━━━━━ DATA RECORDS

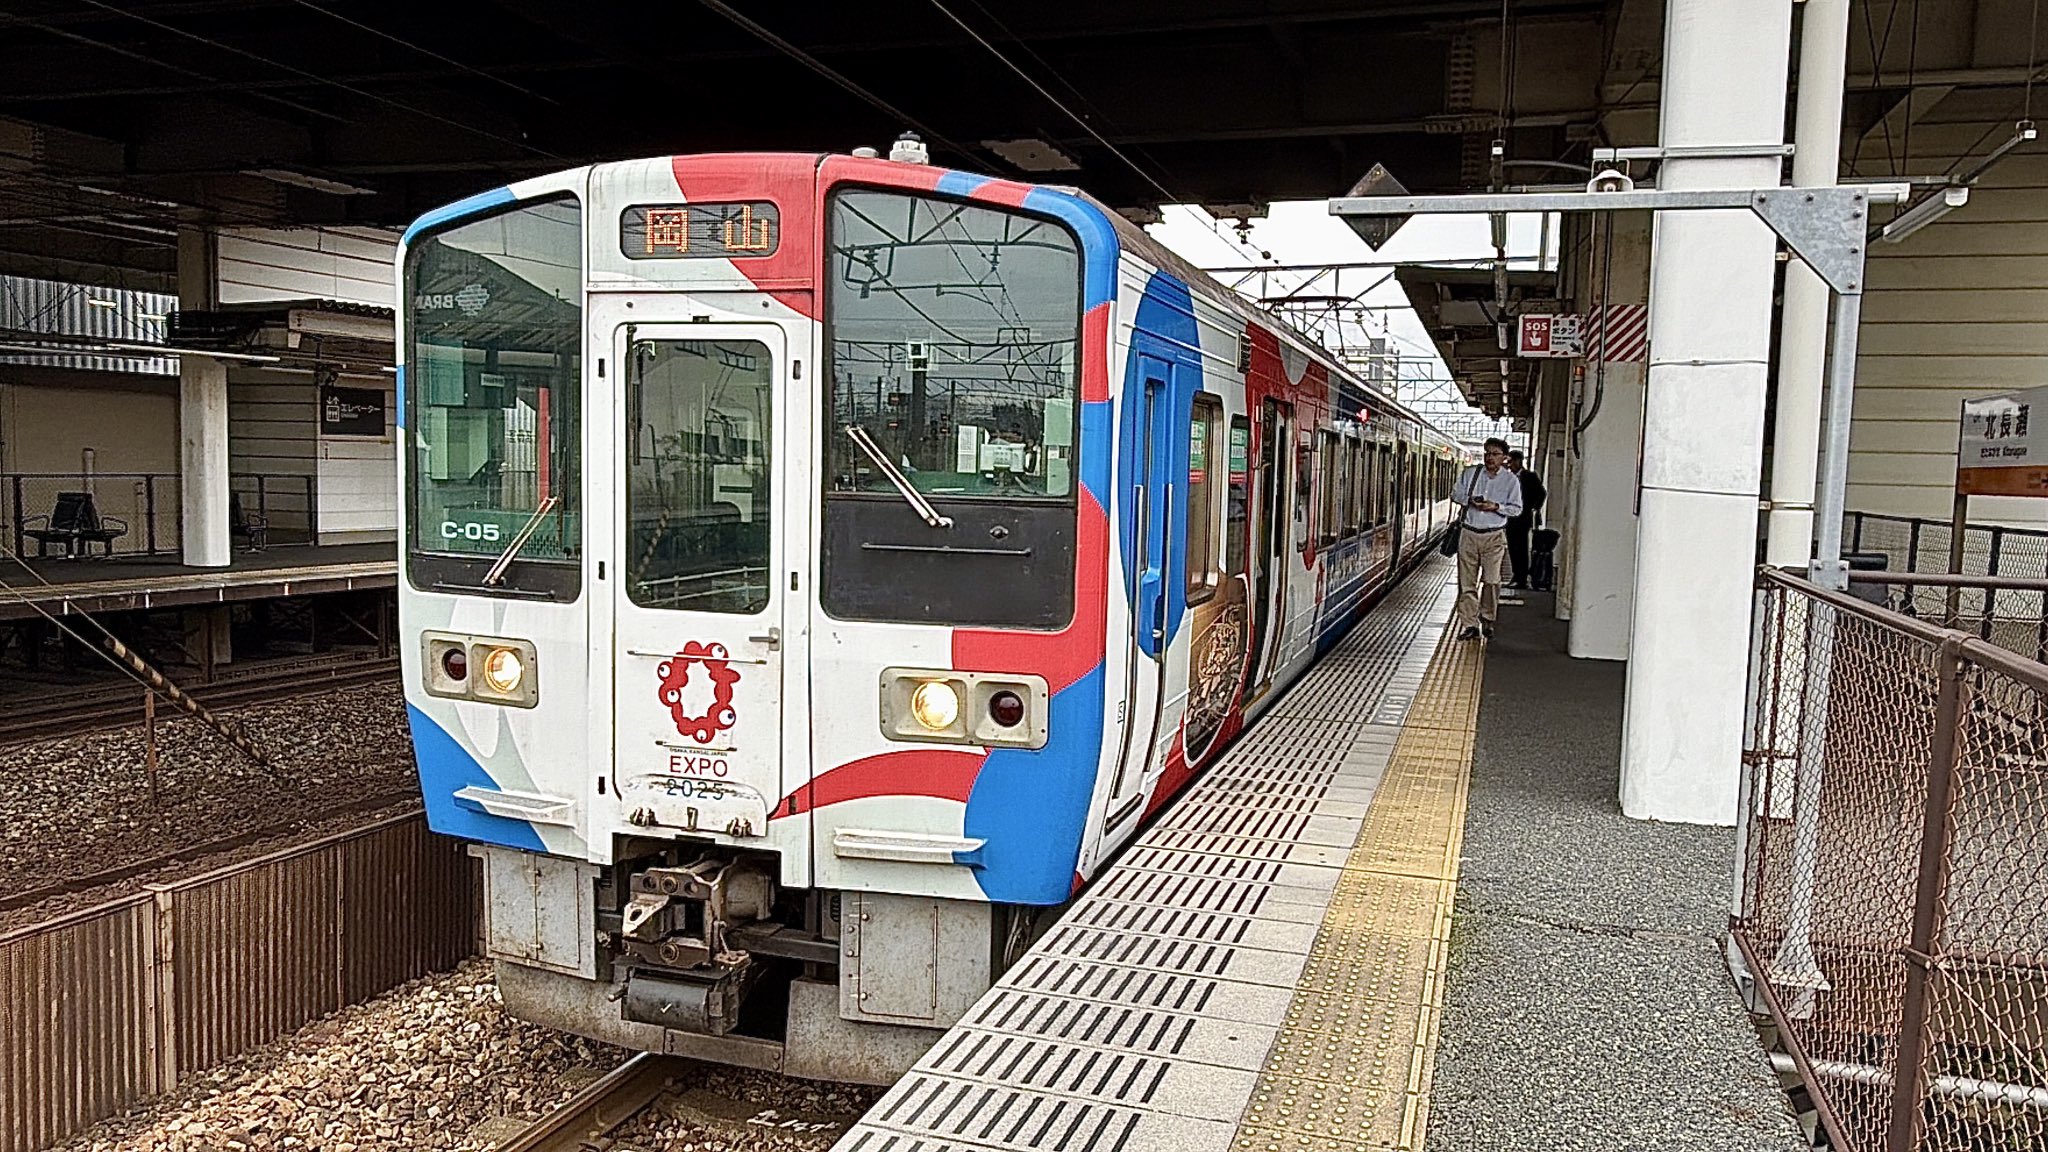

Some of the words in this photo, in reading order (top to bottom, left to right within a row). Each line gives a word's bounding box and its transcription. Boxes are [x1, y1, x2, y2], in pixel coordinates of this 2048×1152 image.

[647, 205, 769, 253] 岡山
[1525, 322, 1548, 331] SOS
[1518, 418, 1527, 430] 2
[441, 521, 500, 541] C-05
[670, 755, 728, 777] EXPO
[667, 778, 724, 801] 2025
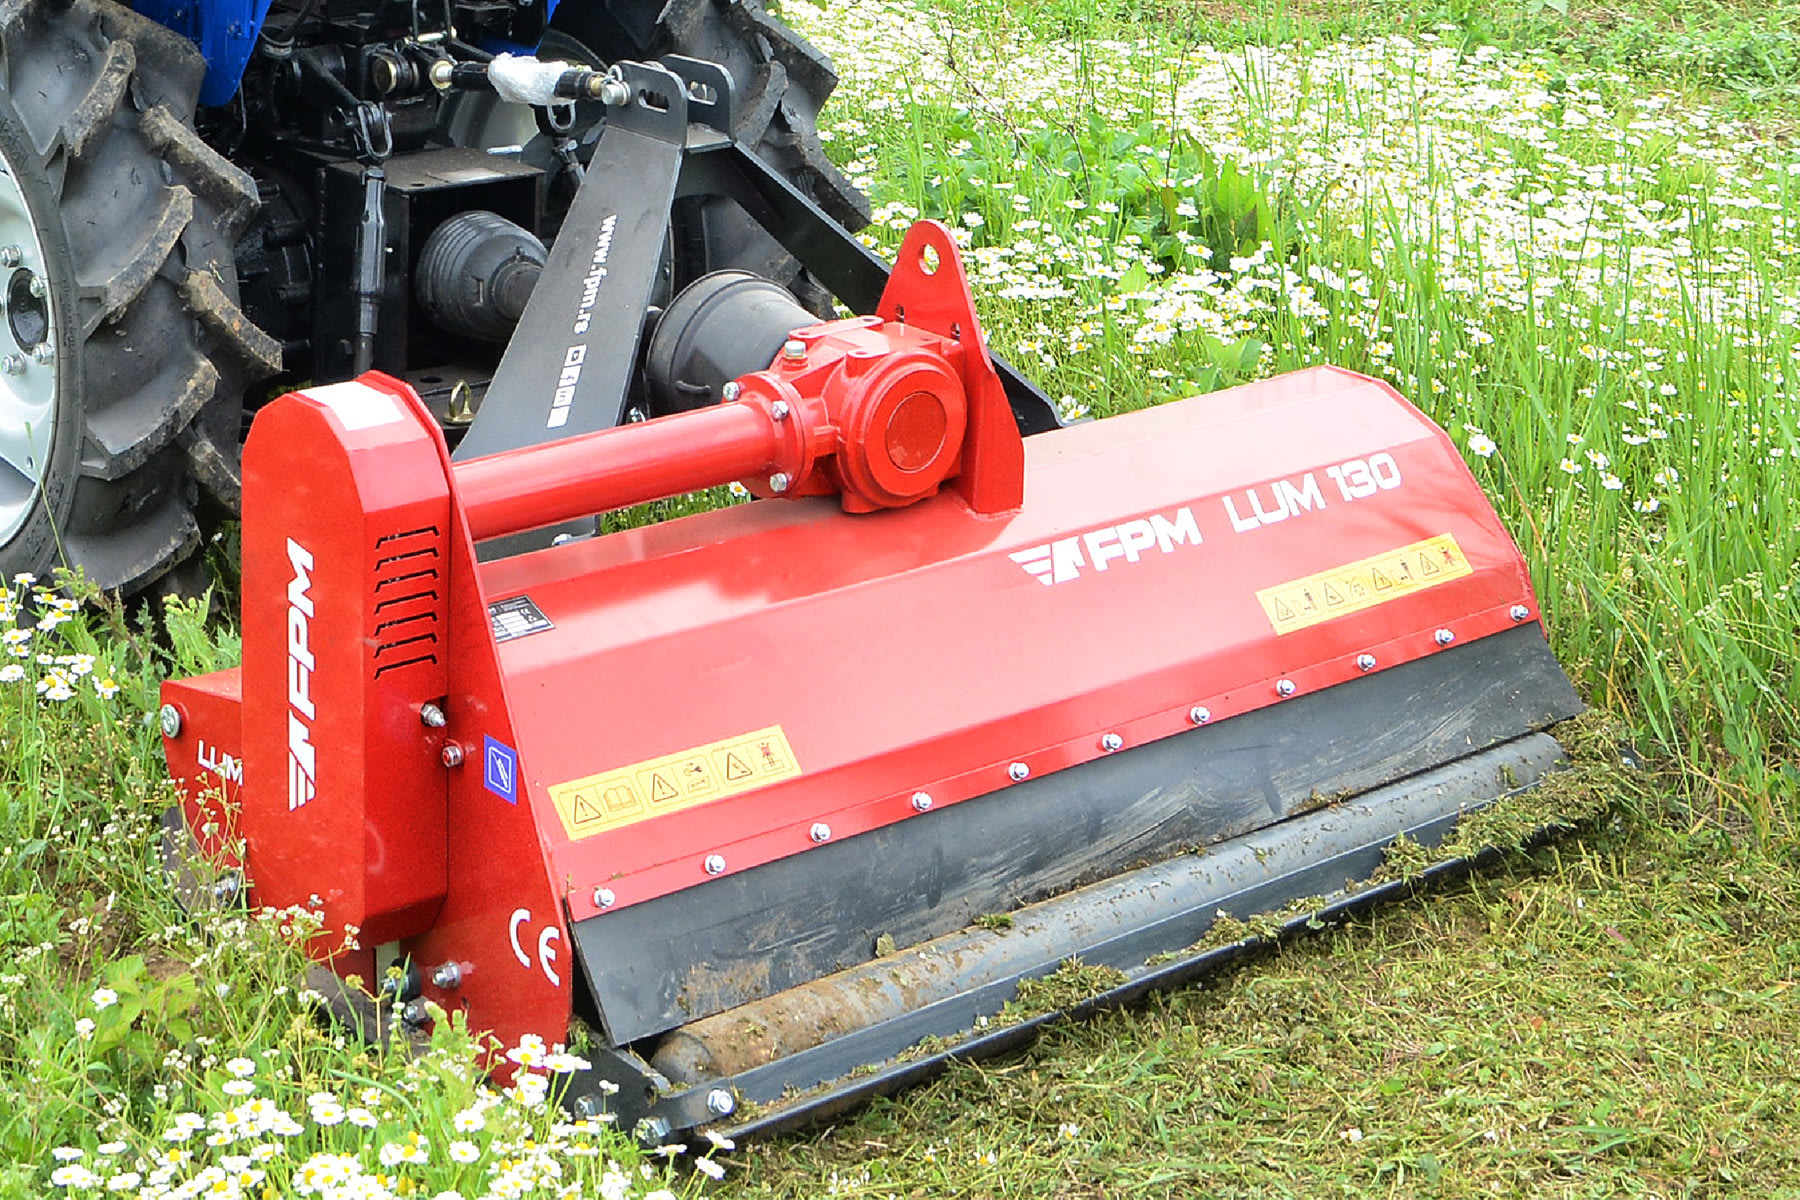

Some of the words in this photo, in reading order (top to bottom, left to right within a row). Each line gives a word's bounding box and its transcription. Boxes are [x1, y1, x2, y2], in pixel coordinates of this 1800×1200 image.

[574, 214, 617, 334] www.fpm.rs
[1083, 507, 1203, 571] FPM
[1223, 473, 1326, 533] LUM
[1326, 453, 1401, 501] 130
[287, 537, 315, 721] FPM
[198, 740, 243, 786] LUM
[510, 908, 560, 987] CE
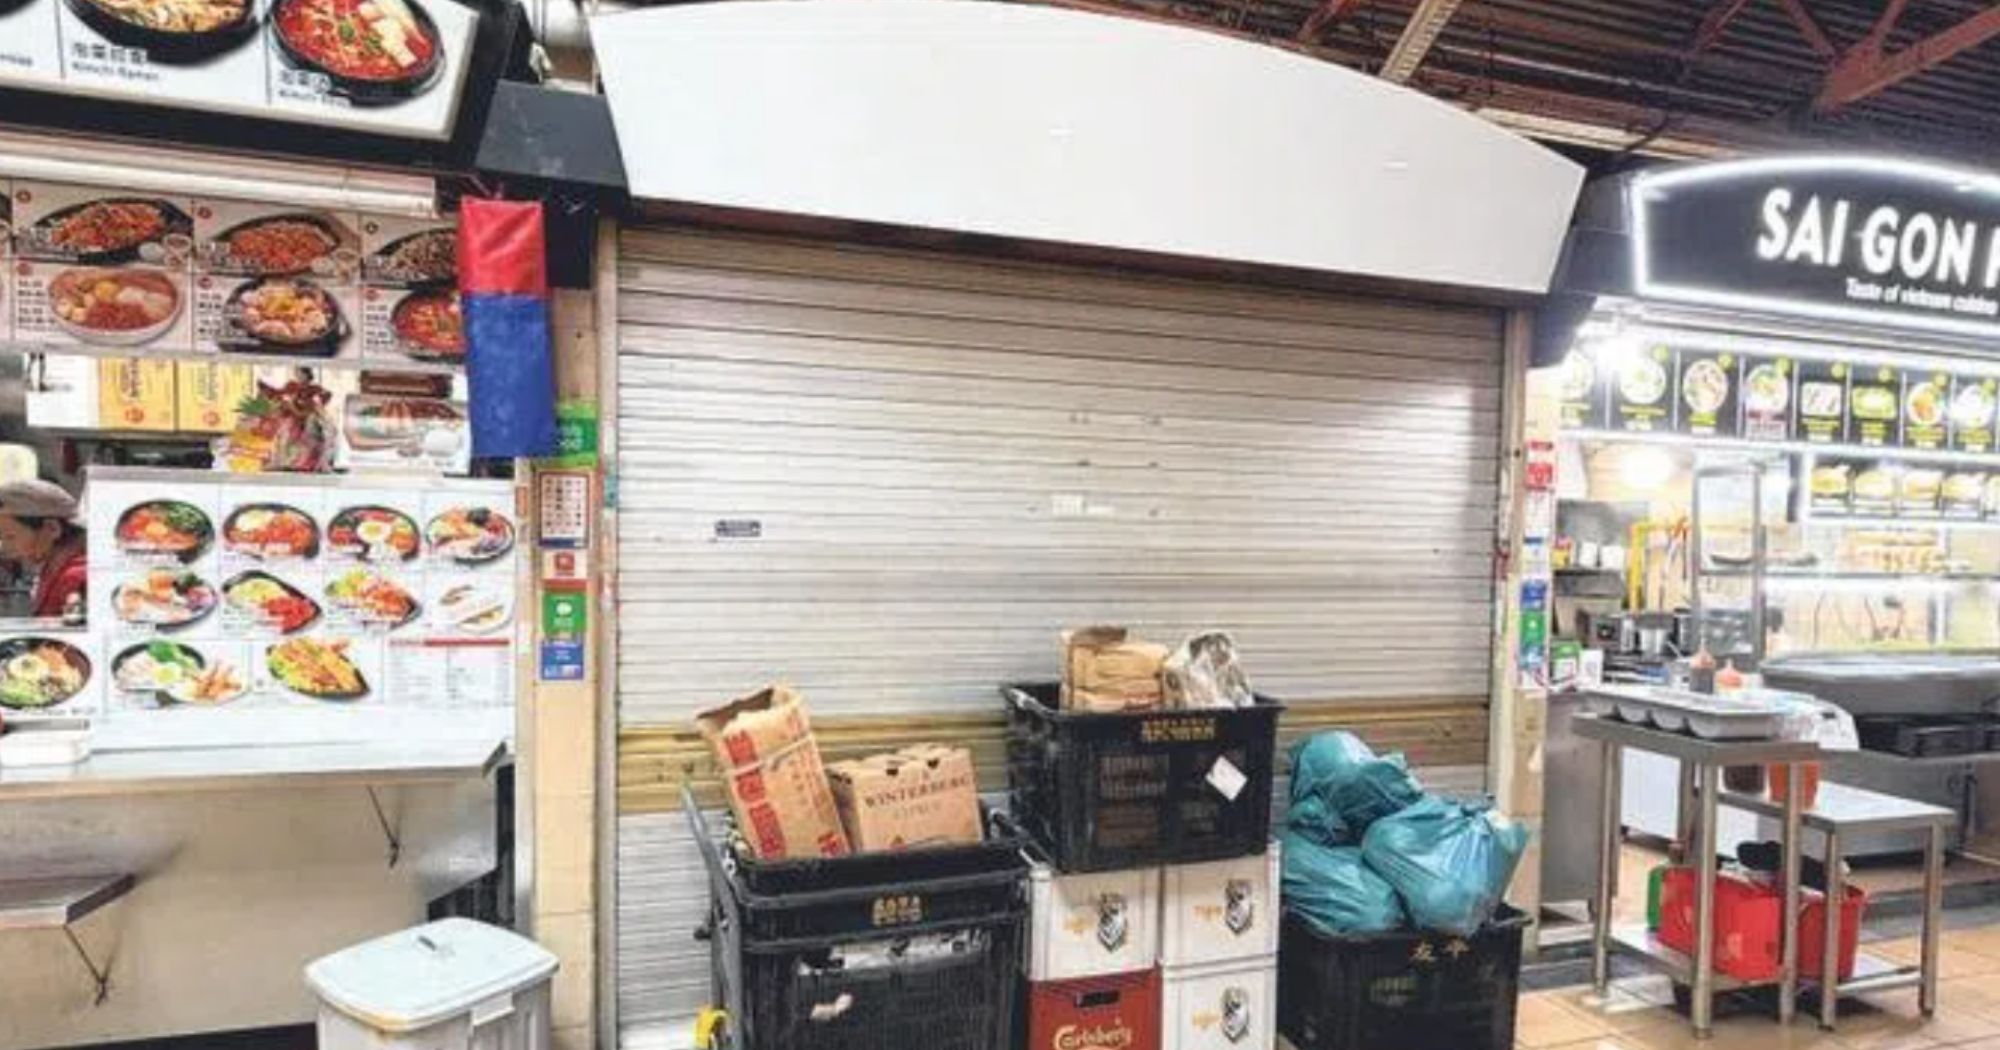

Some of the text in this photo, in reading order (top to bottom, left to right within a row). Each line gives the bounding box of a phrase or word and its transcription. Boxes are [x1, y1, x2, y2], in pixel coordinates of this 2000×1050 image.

[1755, 187, 1850, 267] SAI
[1860, 205, 1977, 287] GON
[1845, 276, 1882, 300] Taste
[1053, 1024, 1132, 1050] Carlsberg

━━━━━━━━━━

YOUR GOAL: Would you retype each line above exactly and skip every image?

RESPONSE BOX:
Some of the words in this photo, in reading order (top to bottom, left to right within a row). Each line gives a word's bounding box and its transcription. Boxes are [x1, y1, x2, y2], in pixel coordinates of this 2048×1152 image.

[647, 205, 769, 253] 岡山
[1525, 322, 1548, 331] SOS
[1518, 418, 1527, 430] 2
[441, 521, 500, 541] C-05
[670, 755, 728, 777] EXPO
[667, 778, 724, 801] 2025

Some of the words in this photo, in reading order (top to bottom, left to right within a row). Each line gives a word's bounding box and its transcription. Boxes are [x1, y1, x2, y2], in pixel coordinates of this 1800×1200 image.

[574, 214, 617, 334] www.fpm.rs
[1083, 507, 1203, 571] FPM
[1223, 473, 1326, 533] LUM
[1326, 453, 1401, 501] 130
[287, 537, 315, 721] FPM
[198, 740, 243, 786] LUM
[510, 908, 560, 987] CE

Some of the text in this photo, in reading order (top to bottom, left to right within a row). Each line gives the bounding box of a phrase or word and its transcription. Boxes are [x1, y1, x2, y2], in pixel coordinates of this 2000×1050 image.

[1755, 187, 1850, 267] SAI
[1860, 205, 1977, 287] GON
[1845, 276, 1882, 300] Taste
[1053, 1024, 1132, 1050] Carlsberg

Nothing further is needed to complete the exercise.